The GraphTokenizer framework is proposed to convert graphs into symbolic sequences through reversible frequency-guided serialization, followed by BPE to learn a graph substructure vocabulary. This allows standard Transformers (e.g., BERT/GTE) to process graph data directly without architectural modifications, achieving SOTA results across 14 benchmarks.

Graphon Cross-Validation: Assessing Models on Network Data

To address the challenge where traditional cross-validation (CV) fails due to the non-independence of edges in network data, this paper proposes CV-imputation. By treating edges in the validation set as missing values and filling them with Bernoulli random variables at a fixed probability to construct the training graph, the method uses an affine transformation to recover the probability matrix. This allows for hyperparameter tuning and model selection for graphon estimation methods while preserving the graph topology, theoretically ensuring that the CV score is asymptotically parallel to the true estimation error.

GraphUniverse: Synthetic Graph Generation for Evaluating Inductive Generalization

The authors propose GraphUniverse, a framework for generating graph families with persistent semantic communities across a global universe. This allows for the first systematic evaluation of inductive generalization capability in graph learning models, revealing the critical finding that transductive performance does not reliably predict inductive generalization capacity.

HarmonyGNNs: Harmonizing Heterophily and Homophily in GNNs via Self-Supervised Node Encoding

HarmonyGNNs achieves goal harmony via "Teacher-Student Prediction SSL (JEPA-style) + Node Difficulty-Driven Dynamic Masking" and representation harmony via "Linear/MLP Projection + Weighted GCN + Feature-level Self-Attention + Hierarchical Fusion," allowing a single unlabeled framework to achieve SOTA on both homophilic and heterophilic graphs simultaneously.

HGNet: Scalable Foundation Model for Automated Knowledge Graph Generation from Scientific Literature

A two-stage framework with ~300M parameters is proposed: Z-NERD utilizes "Orthogonal Semantic Decomposition + Multi-scale TCQK Attention" for domain-agnostic multi-word entity recognition, while HGNet employs "Parent/Child/Peer three-channel message passing + Differentiable Hierarchy Loss + Continuous Abstraction Field Loss" to constrain relation extraction into a logically consistent and geometrically ordered Directed Acyclic Graph (DAG), achieving new SOTA results on SciERC, SciER, and SPHERE.
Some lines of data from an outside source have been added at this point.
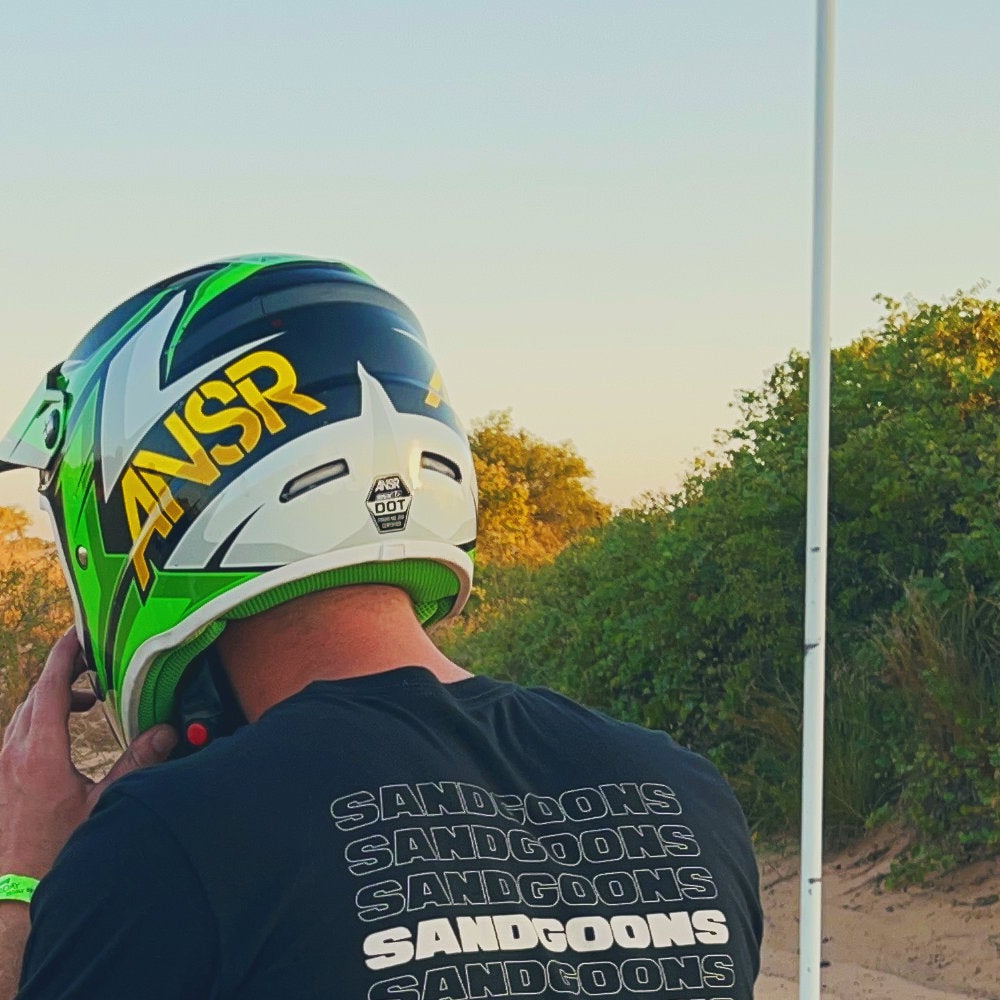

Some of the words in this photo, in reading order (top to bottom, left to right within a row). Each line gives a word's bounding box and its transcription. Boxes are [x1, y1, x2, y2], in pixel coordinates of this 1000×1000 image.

[121, 350, 327, 592] ANSR
[375, 499, 405, 513] DOT
[330, 781, 683, 832] SANDGOONS
[344, 824, 702, 876] SANDGOONS
[355, 866, 719, 922] SANDGOONS
[362, 909, 730, 970] SANDGOONS
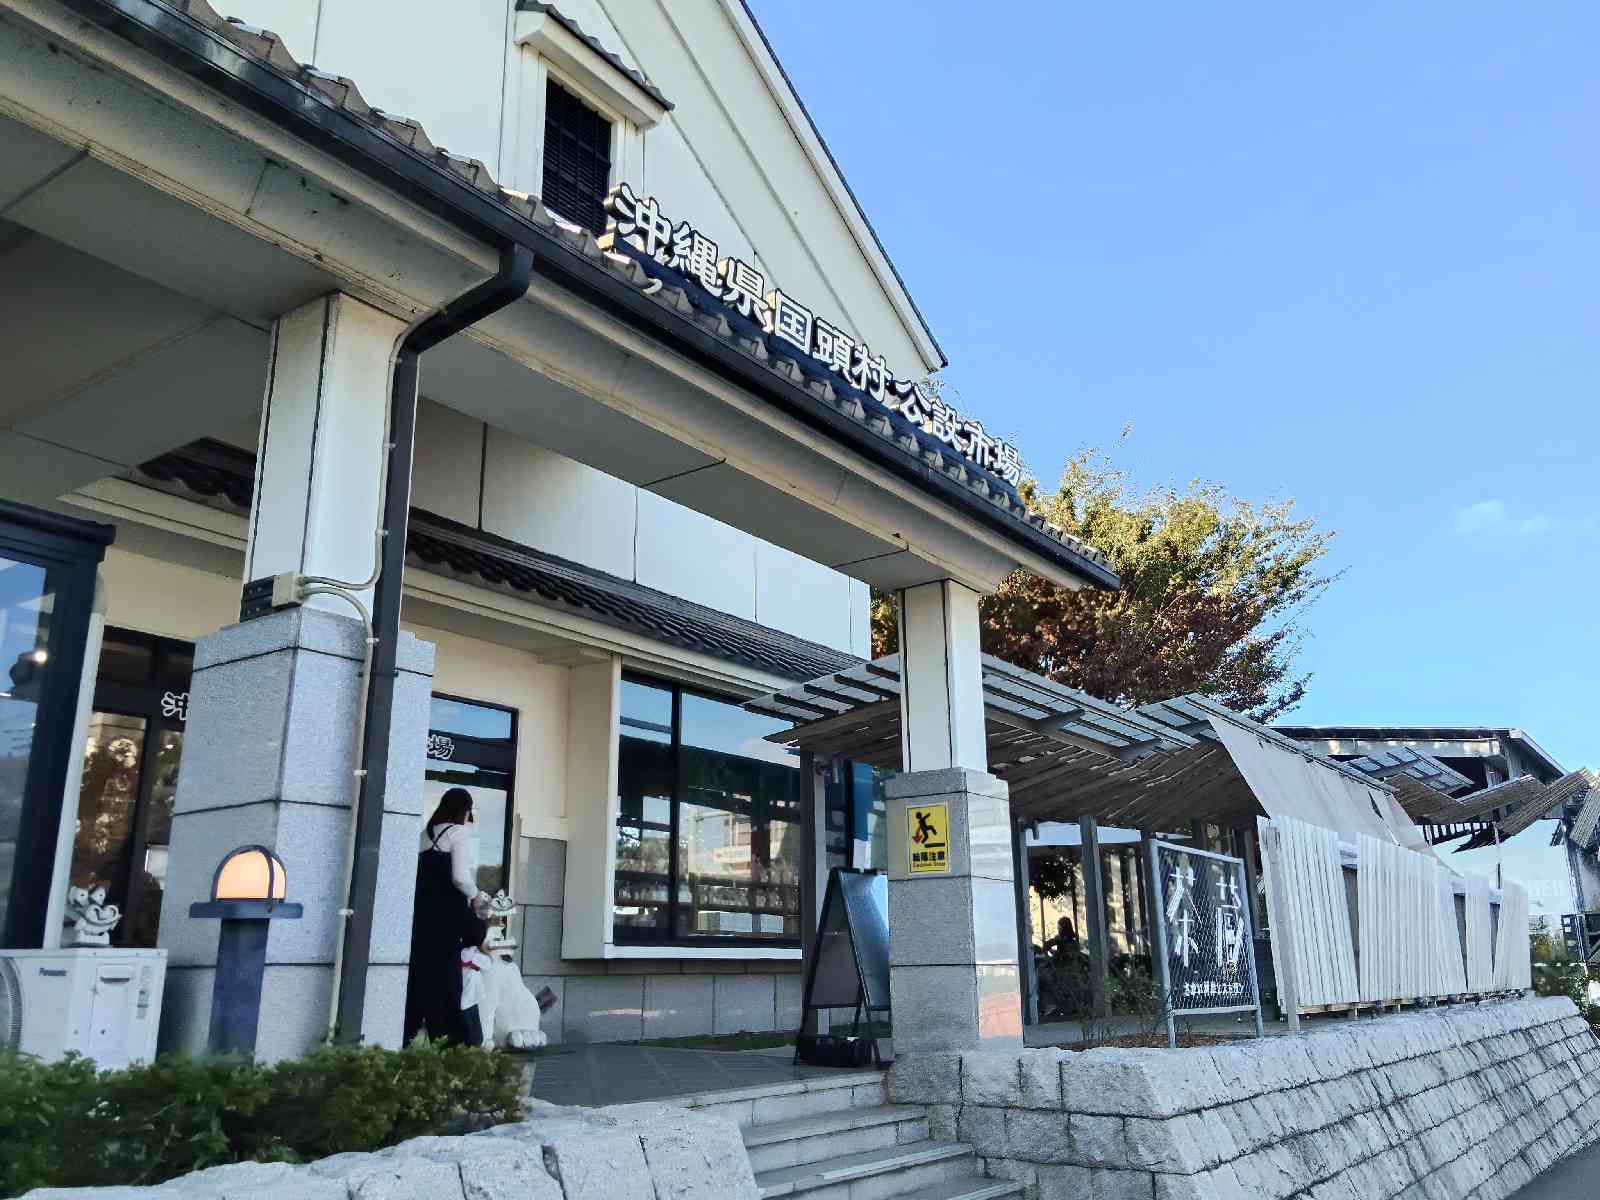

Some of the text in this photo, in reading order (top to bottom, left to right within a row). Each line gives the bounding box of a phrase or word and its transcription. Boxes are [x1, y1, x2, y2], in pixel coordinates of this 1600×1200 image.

[606, 183, 1022, 486] 沖縄県国頭村公設市場
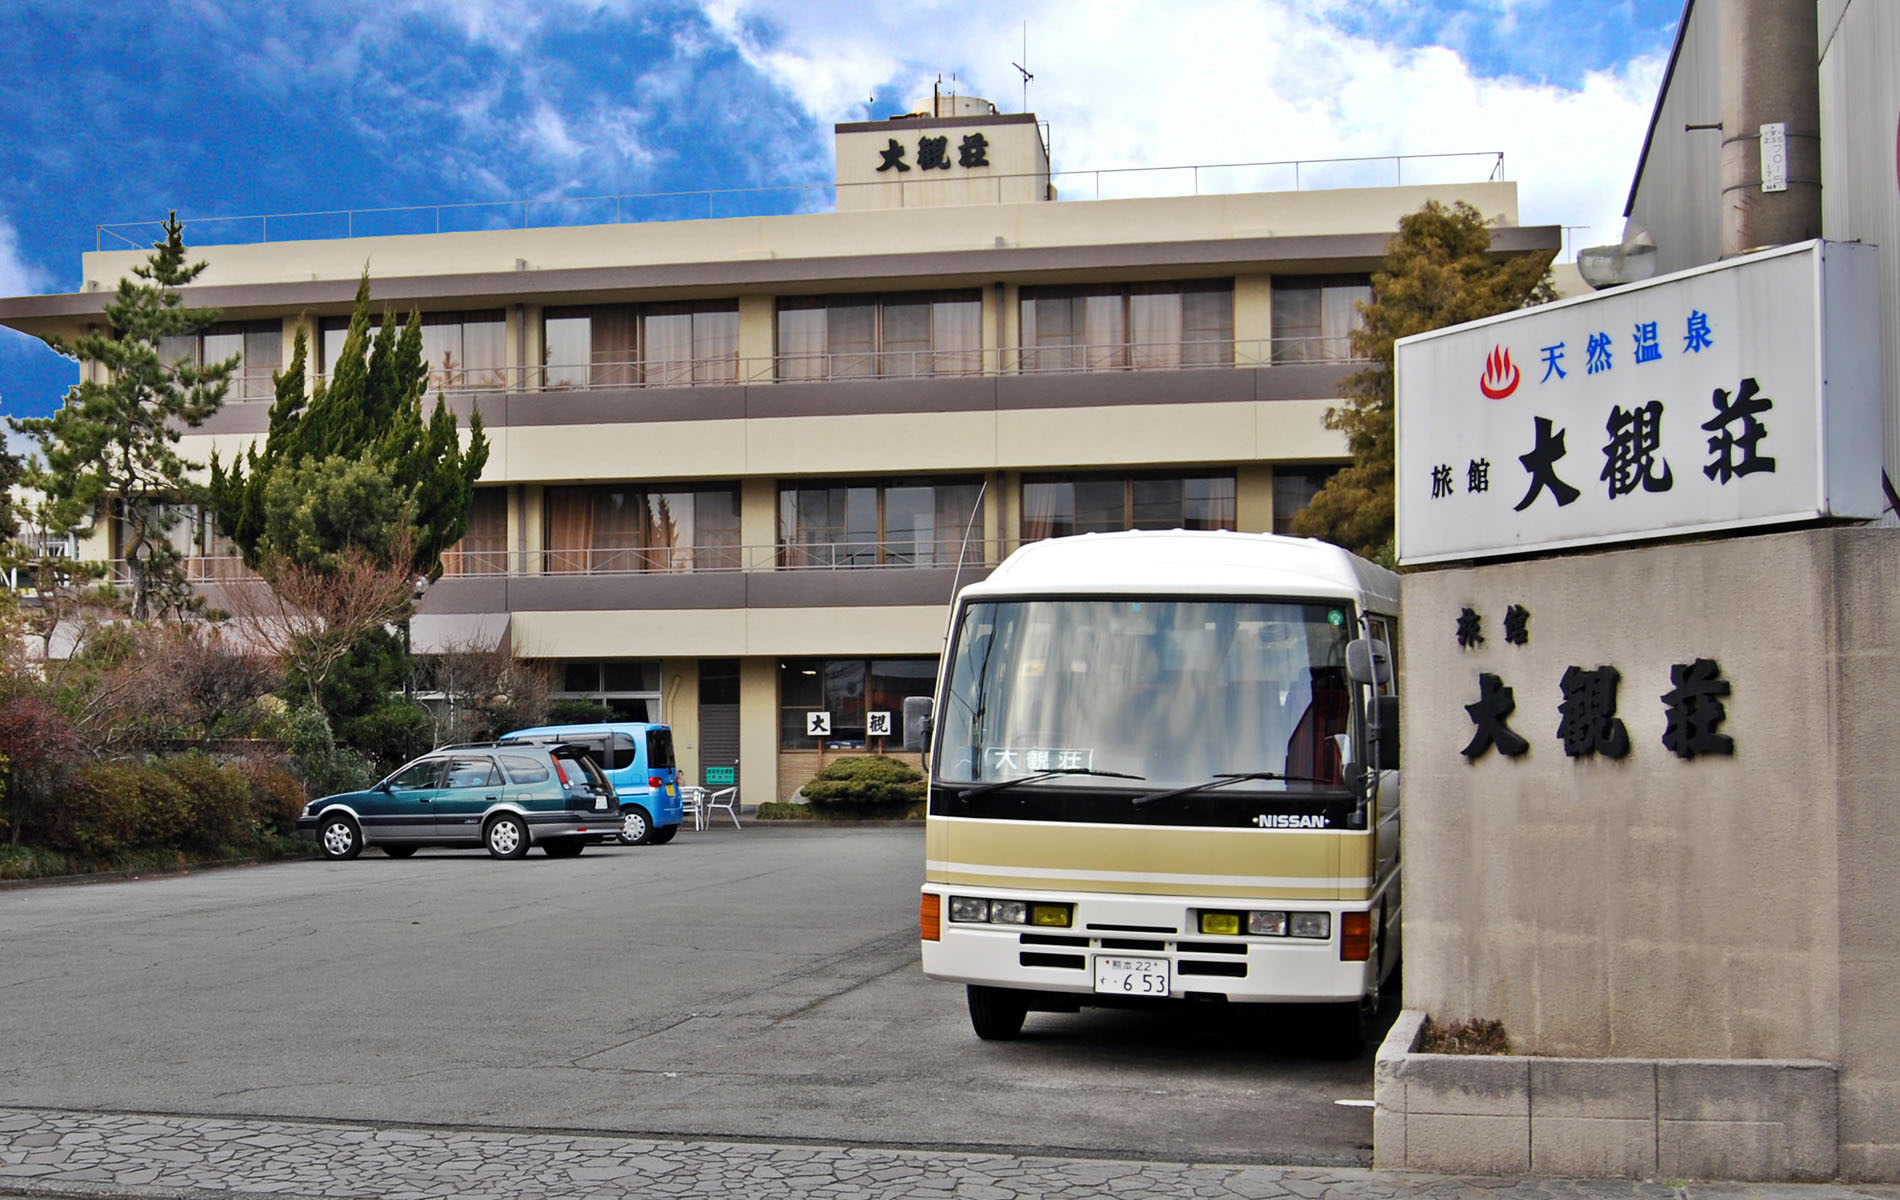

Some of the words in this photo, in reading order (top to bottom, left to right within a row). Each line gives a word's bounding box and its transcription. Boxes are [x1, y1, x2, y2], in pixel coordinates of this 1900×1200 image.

HYPER: A Foundation Model for Inductive Link Prediction with Knowledge Hypergraphs

HYPER is the first foundation model for link prediction on knowledge hypergraphs. By encoding "positional interactions between relations" into transferable base relations, the model achieves zero-shot generalization to hypergraphs containing entirely new entities, new relations, and arbitrary arities.

Improving Long-Range Interactions in Graph Neural Simulators via Hamiltonian Dynamics

Information-preserving Graph Neural Simulators (IGNS) are proposed to maintain non-dissipative information flow on graphs using port-Hamiltonian dynamics. Combining warmup initialization, geometric encoding, and multi-step training objectives, IGNS consistently outperforms existing graph neural simulators across six physical simulation benchmarks.

Inductive Reasoning for Temporal Knowledge Graphs with Emerging Entities

To address emerging entities with "no historical interactions" in Temporal Knowledge Graphs (TKG), TransFIR utilizes a BERT-based text embedding combined with a learnable VQ codebook to assign entities to semantic clusters. It then transfers interaction chain patterns from semantically similar known entities to avoid representation collapse, achieving an average MRR improvement of 28.6% across four benchmarks.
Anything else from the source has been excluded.